What you will do: Only lines holding "AWARDS" are needed; copy each of them from the data below.

Records shown:
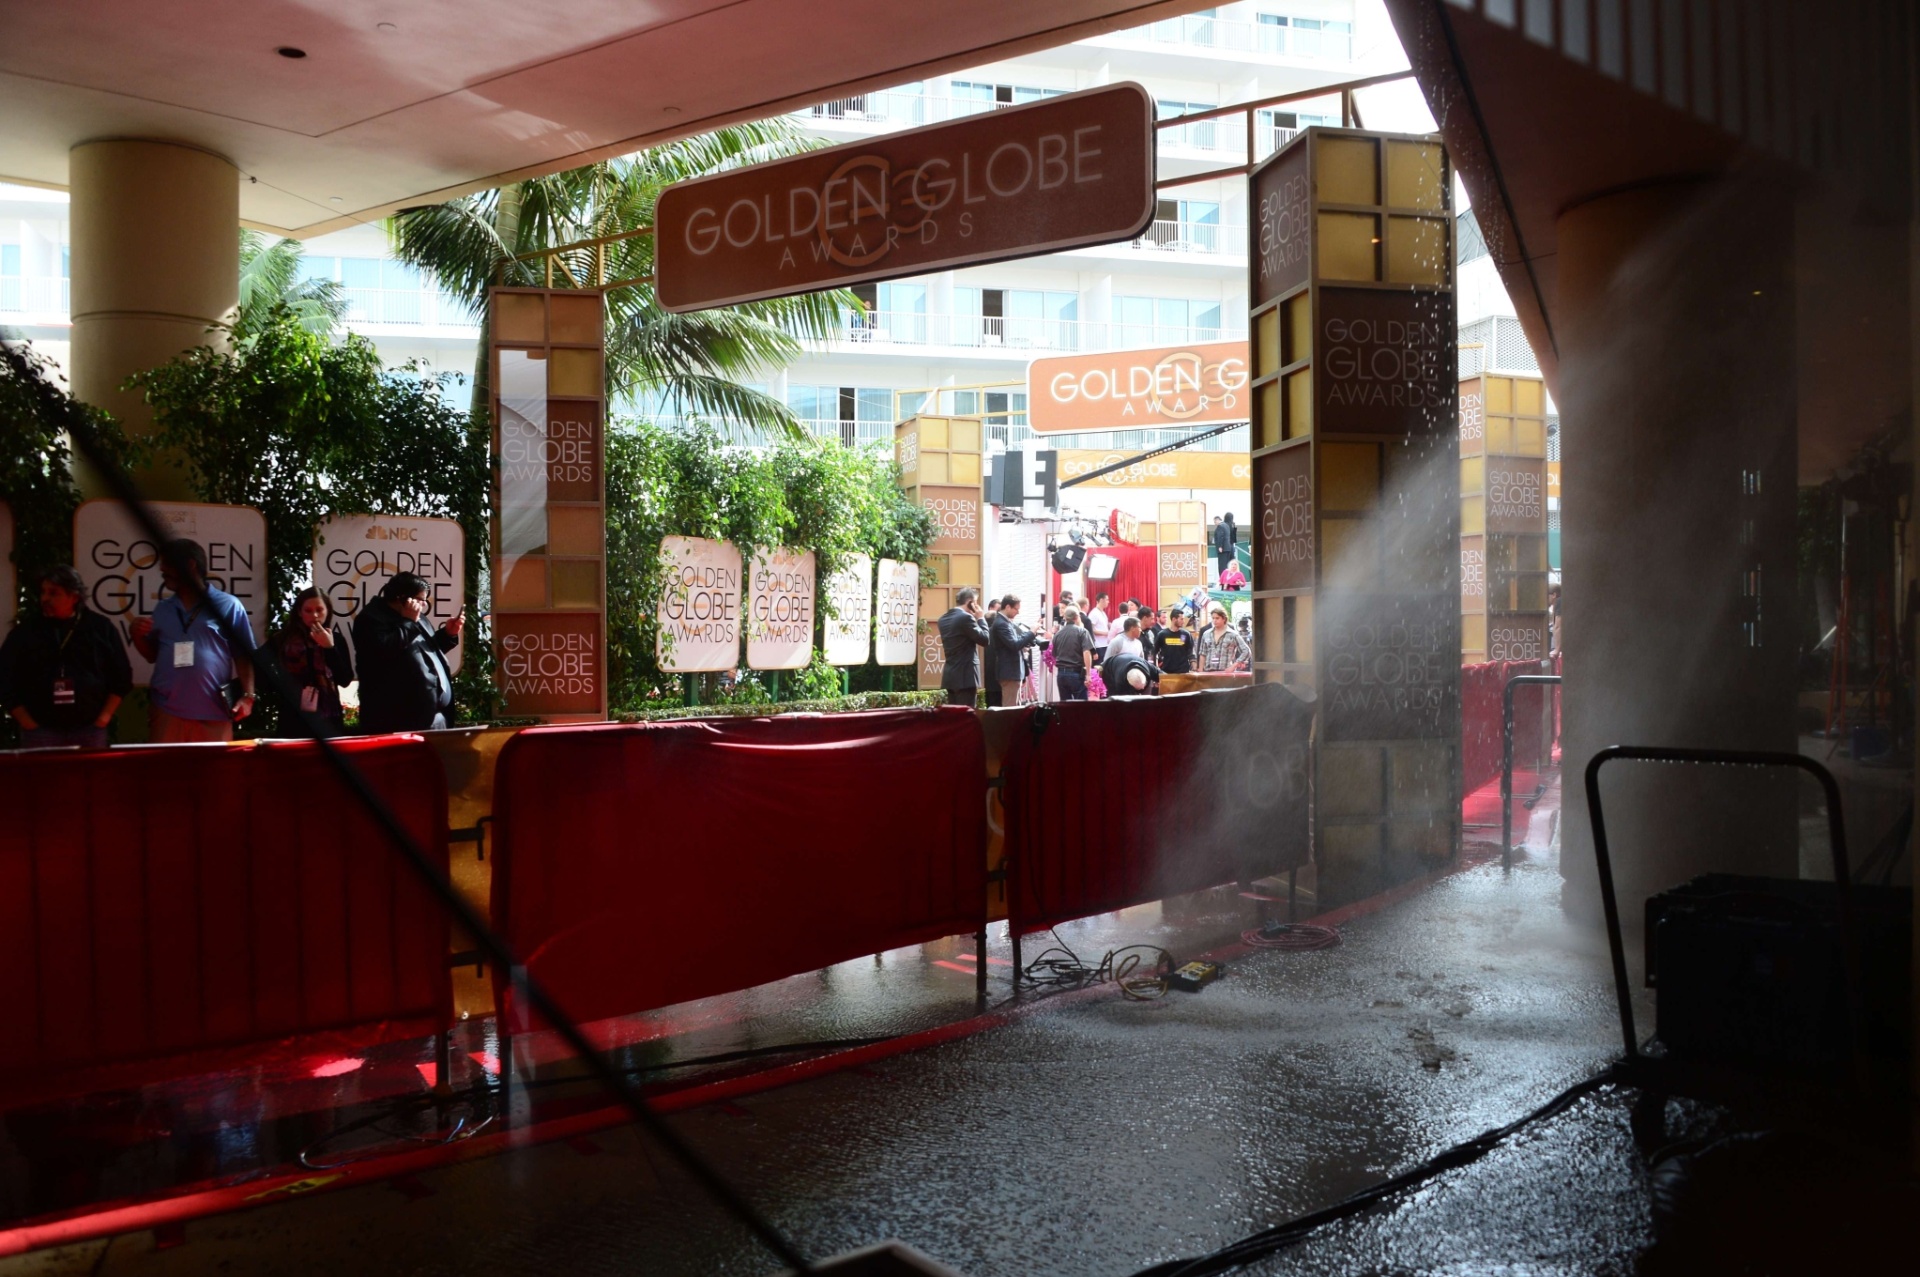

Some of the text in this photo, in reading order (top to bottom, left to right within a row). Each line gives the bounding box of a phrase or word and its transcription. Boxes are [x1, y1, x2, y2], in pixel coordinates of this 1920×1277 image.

[685, 125, 1104, 256] GOLDEN GLOBE
[1259, 175, 1309, 223] GOLDEN
[1259, 200, 1310, 256] GLOBE
[778, 212, 974, 272] AWARDS
[1324, 318, 1439, 346] GOLDEN
[1324, 346, 1439, 382] GLOBE
[1051, 359, 1200, 402] GOLDEN
[1122, 394, 1237, 416] AWARD
[1326, 382, 1440, 408] AWARDS
[1460, 393, 1482, 410] DEN
[501, 420, 592, 438] GOLDEN
[1460, 425, 1482, 441] RDS
[502, 440, 592, 464] GLOBE
[502, 465, 592, 482] AWARDS
[1130, 463, 1177, 476] GLOBE
[1489, 471, 1540, 486] GOLDEN
[1262, 475, 1312, 506] GOLDEN
[1489, 485, 1540, 504] GLOBE
[923, 498, 976, 511] GOLDEN
[1490, 505, 1540, 518] AWARDS
[1262, 501, 1312, 540] GLOBE
[388, 528, 418, 541] NBC
[936, 528, 976, 539] WARDS
[92, 539, 253, 571] GOEN
[1160, 552, 1198, 560] GOLDEN
[1263, 536, 1313, 564] AWARDS
[1461, 551, 1483, 564] DEN
[326, 549, 453, 578] GOLDEN
[1160, 561, 1198, 571] GLOBE
[1160, 570, 1198, 578] AWARDS
[667, 565, 737, 589] GOLDEN
[755, 571, 811, 593] GOLDEN
[829, 574, 868, 595] GOLDEN
[92, 575, 253, 615] GLE
[327, 581, 452, 617] GLE
[881, 582, 915, 601] GOLDEN
[1462, 582, 1483, 597] RDS
[665, 591, 735, 621] GLOBE
[754, 594, 809, 623] GLOBE
[880, 602, 915, 626] GLOBE
[502, 633, 594, 652] GOLDEN
[665, 624, 734, 643] AWARDS
[755, 625, 809, 643] AWARDS
[880, 627, 914, 643] AWARDS
[1328, 624, 1442, 649] GOLDEN
[1490, 628, 1541, 642] GOLDEN
[1490, 642, 1541, 660] GLOBE
[502, 653, 594, 677] GLOBE
[1328, 652, 1442, 686] GLOBE
[504, 678, 594, 694] AWARDS
[1328, 687, 1442, 712] AWARDS

Solution to this exercise:
[778, 212, 974, 272] AWARDS
[1326, 382, 1440, 408] AWARDS
[502, 465, 592, 482] AWARDS
[1490, 505, 1540, 518] AWARDS
[1263, 536, 1313, 564] AWARDS
[1160, 570, 1198, 578] AWARDS
[665, 624, 734, 643] AWARDS
[755, 625, 809, 643] AWARDS
[880, 627, 914, 643] AWARDS
[504, 678, 594, 694] AWARDS
[1328, 687, 1442, 712] AWARDS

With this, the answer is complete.